南京東路の裏側、福州路にそびえる「上海書城」の中国語コーナーでCD付きの初級から中級の中国語テクストを買い求める(ついでに自分の専攻や興味のある分野の本も買ってみる。たとえば村上春樹作品の翻訳や、英語辞典でもいいし、あるいは株の本、地図、書道ガイドなんてのも)。おすすめは《博雅汉语》シリーズ。NHKラジオ講座の次に暗記するのはこれらのテキスト課文です。さらに、早朝にどこかの大学の構内を散歩しながらテキストを朗読するのも乙です。思わぬ出会いもあるかも。おそらく何人かの大学生が大声で英語のテキストを朗読しているでしょう。そういう雰囲気もまぎれもなく今の中国。泊まるところはできればユースホステルのドミトリーがいいです。いろいろ話ができるからです。

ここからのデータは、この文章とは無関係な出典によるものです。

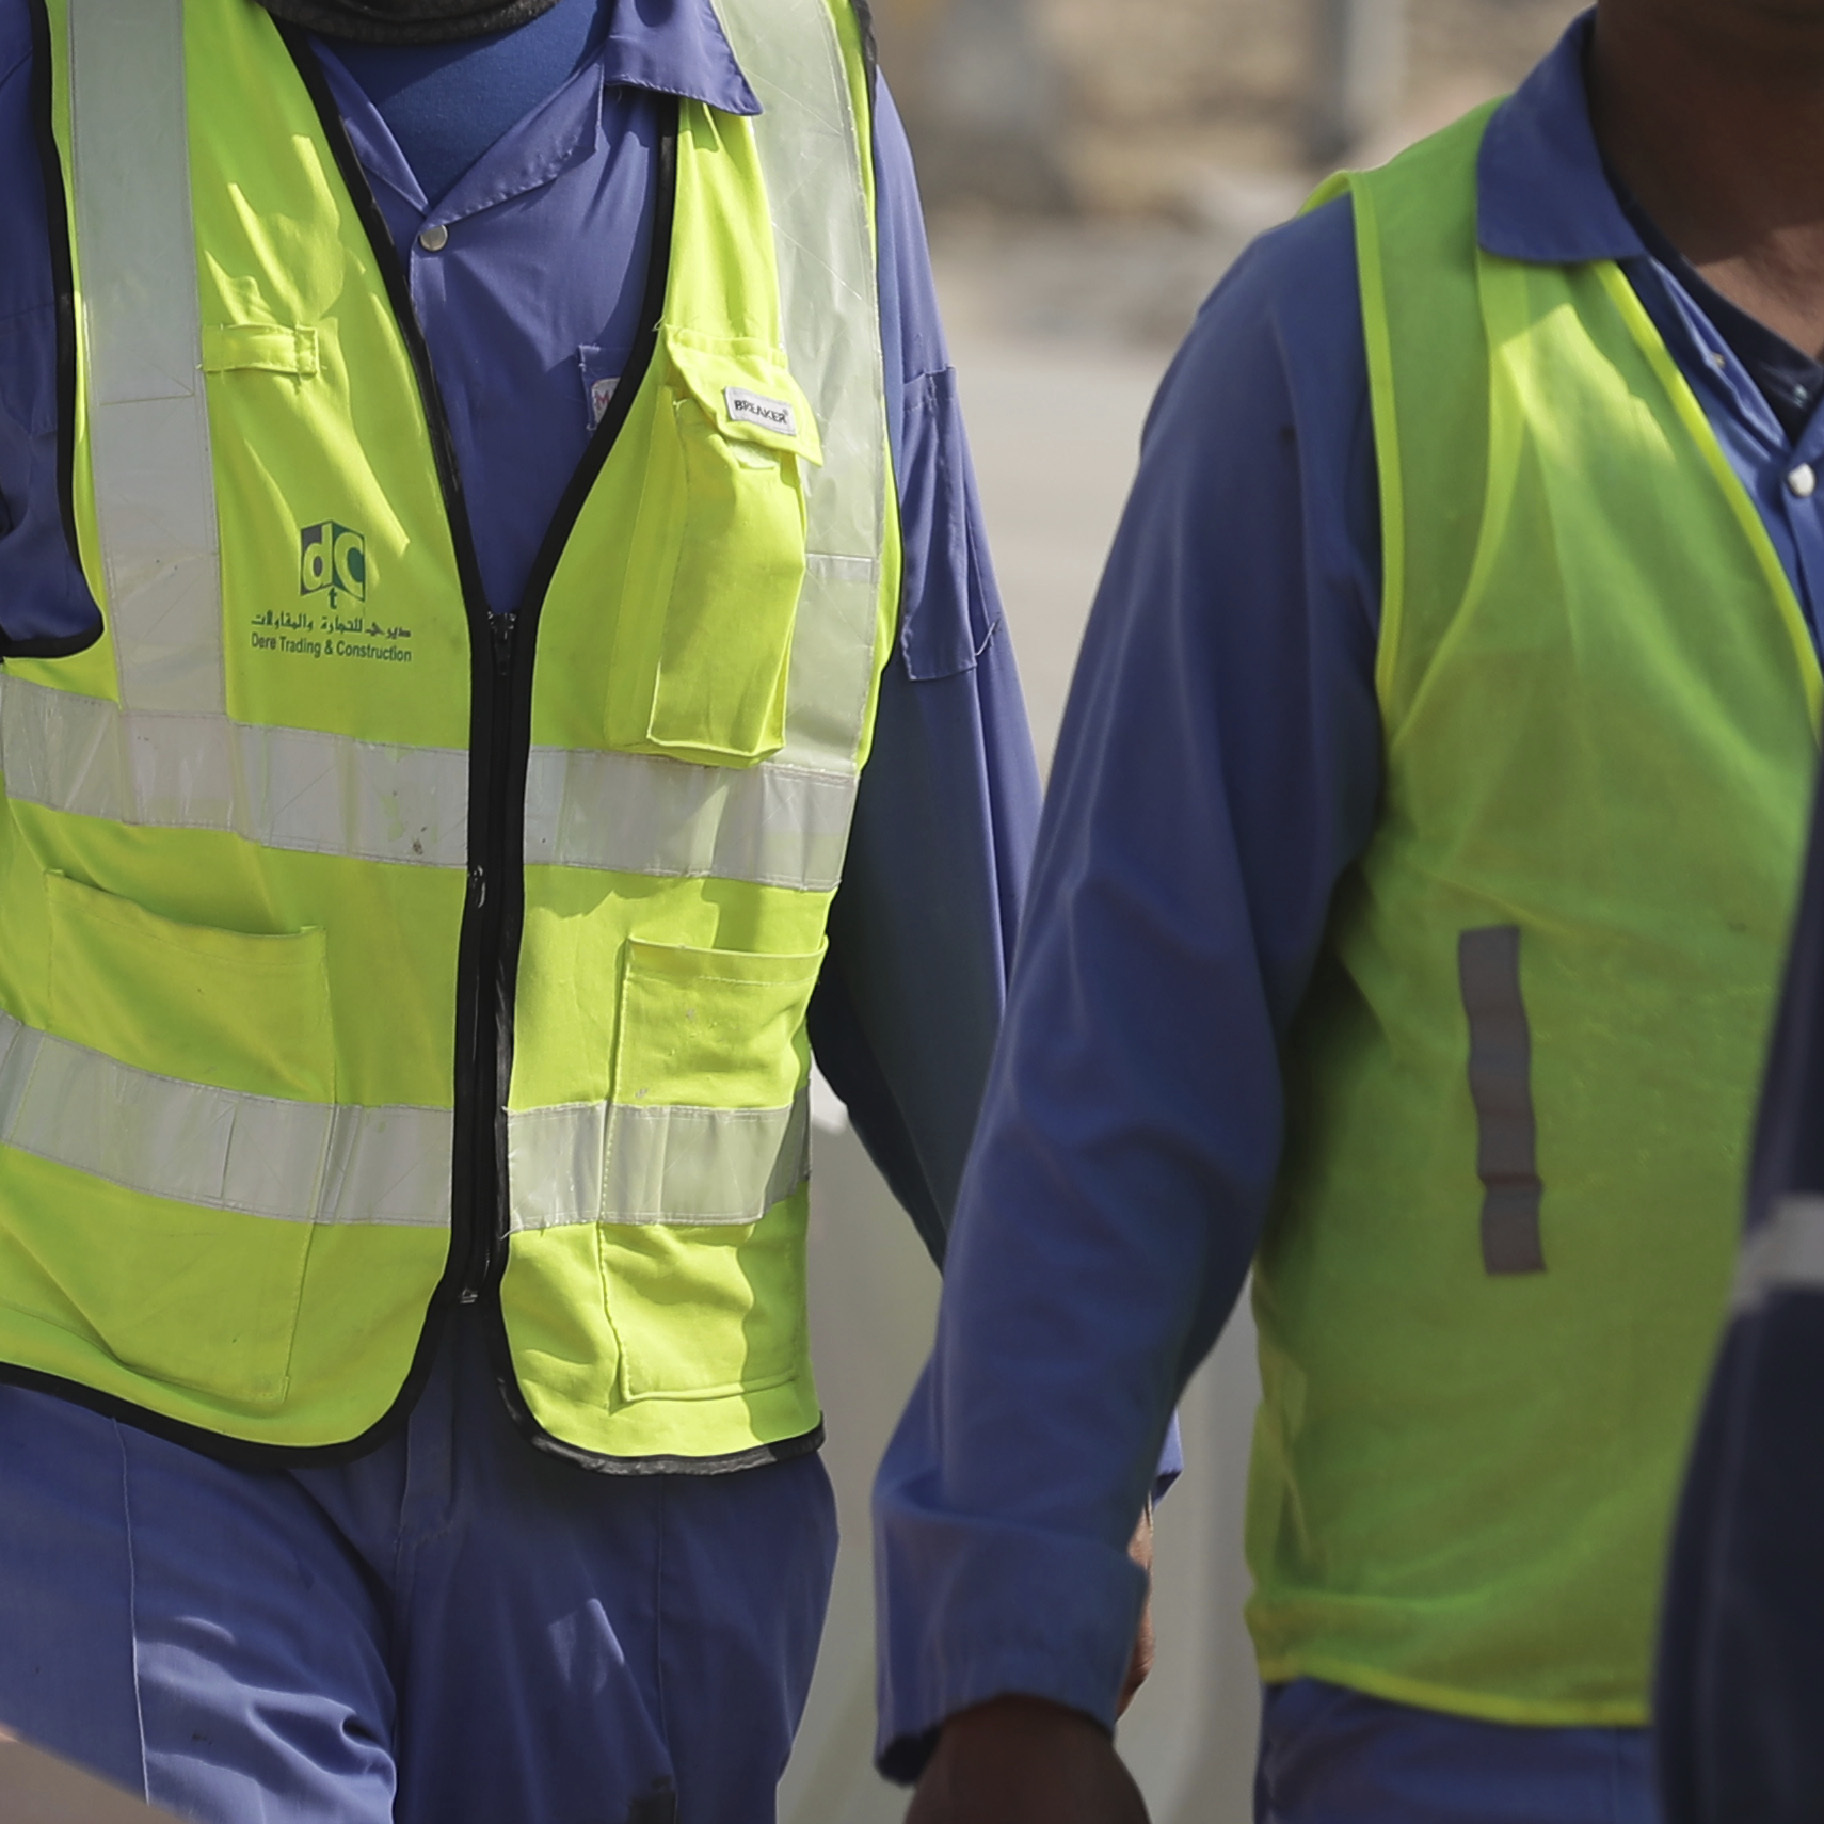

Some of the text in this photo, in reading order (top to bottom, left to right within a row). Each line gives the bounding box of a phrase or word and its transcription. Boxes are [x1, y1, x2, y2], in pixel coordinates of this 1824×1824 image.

[734, 399, 787, 425] BREAKER
[251, 609, 314, 632] والمقاولات
[320, 615, 363, 635] للتجارة
[251, 631, 413, 663] Dere Trading & Construction

ちなみに大陸と台湾の中国語は微妙に違います。たとえば大陸では「南方」と言うけれど台湾では「南部」とも言ったりするし、簡体字と繁体字の違いもある。発音も、基本的には聞き取れないほどの違いというほどではありませんが、たしかに違う。大陸だと台湾の方が人気があるみたいですが、ぼくは大陸の方が合う気がします。これは好みの問題ですけど。そして大陸によっても地方によってかなり発音が違う。でもその違いがわかる様になるのはたぶん3年位してからかなあ。経験的に。

ネット
作文は、Lang8 にどんどん書いて添削してもらいましょう。いかに多くの中国人が進んで添削してくれるかがわかり、感激すると思います。英語で書いて発表しても欧米人はほとんどなにもしてくれないです。あとはウェイボーや豆瓣なんかもいいし、もちろん微信やQQも必須。

映画、歌
映画も歌も、何度も観たり聴いたりする。発音の練習に、ムッチャなります。


大事なことは、途中で「挫折」しないように、頑張ろうとせずゆっくり勉強していくこと。中国語がわかるようになってくると本当に世界が広くなります。ビジネスで使うとか、趣味で始めたいとか動機はさまざまでしょうけれど、日本の隣に広がる巨大で不可思議で無限に面白い「中国」に分け入ってみることができる必要なツールです。誰かが言ってました。「一つの言葉だけでは世界を理解することはできない」って。グッドラック。